Leave the pictures out and restate every line below exactly.

───── Extracted material ─────

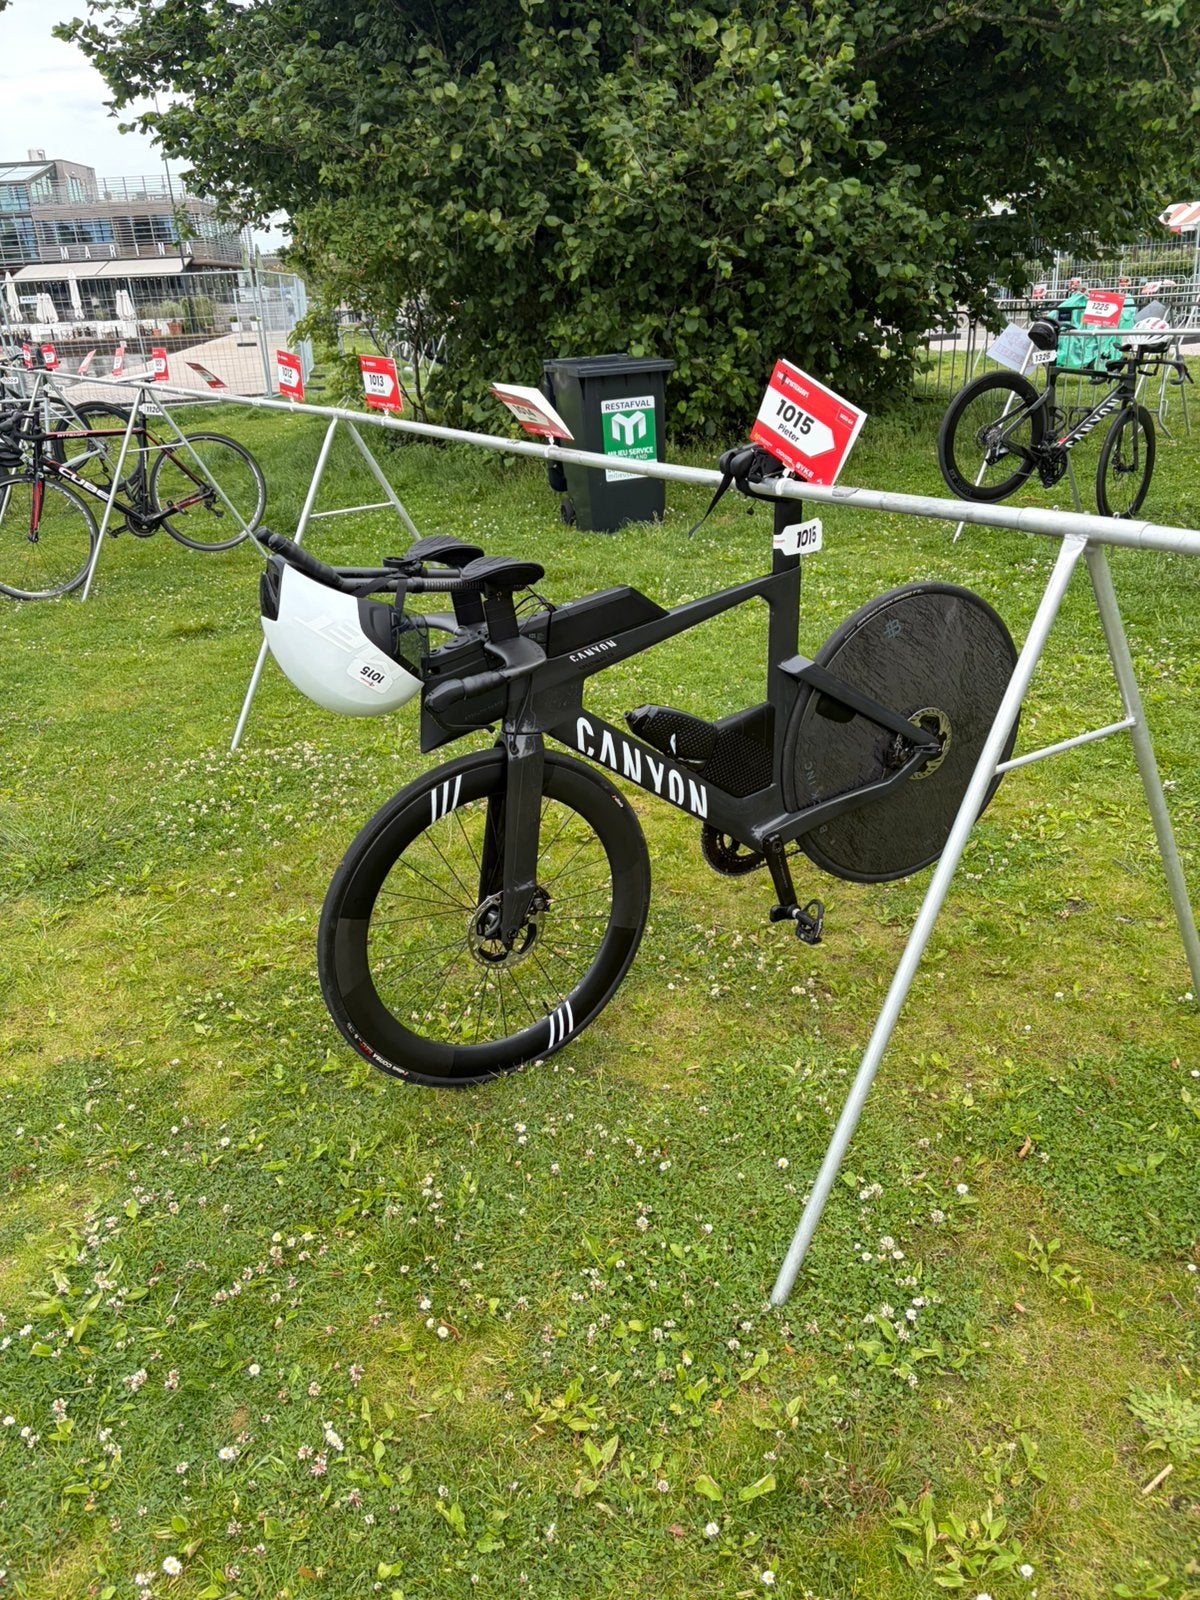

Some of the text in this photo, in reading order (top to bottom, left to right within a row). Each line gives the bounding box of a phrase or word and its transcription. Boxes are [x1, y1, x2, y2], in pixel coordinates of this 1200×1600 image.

[60, 241, 192, 260] MARINA
[1092, 302, 1110, 311] 1225
[282, 366, 293, 379] 1012
[369, 374, 384, 387] 1013
[605, 398, 651, 411] RESTAFVAL
[775, 399, 814, 435] 1015
[1065, 398, 1120, 449] CANYON
[778, 423, 800, 443] Pieter
[629, 446, 654, 456] SERVICE
[58, 466, 110, 502] CUBE
[796, 525, 817, 549] 1015
[569, 639, 617, 663] CANYON
[360, 664, 385, 685] 1015
[576, 716, 708, 819] CANYON

─────

Output for this exercise:
Some of the text in this photo, in reading order (top to bottom, left to right within a row). Each line gives the bounding box of a phrase or word and its transcription. Boxes are [x1, y1, x2, y2], in pixel coordinates of this 1200×1600 image.

[60, 241, 192, 260] MARINA
[1092, 302, 1110, 311] 1225
[282, 366, 293, 379] 1012
[369, 374, 384, 387] 1013
[605, 398, 651, 411] RESTAFVAL
[775, 399, 814, 435] 1015
[1065, 398, 1120, 449] CANYON
[778, 423, 800, 443] Pieter
[629, 446, 654, 456] SERVICE
[58, 466, 110, 502] CUBE
[796, 525, 817, 549] 1015
[569, 639, 617, 663] CANYON
[360, 664, 385, 685] 1015
[576, 716, 708, 819] CANYON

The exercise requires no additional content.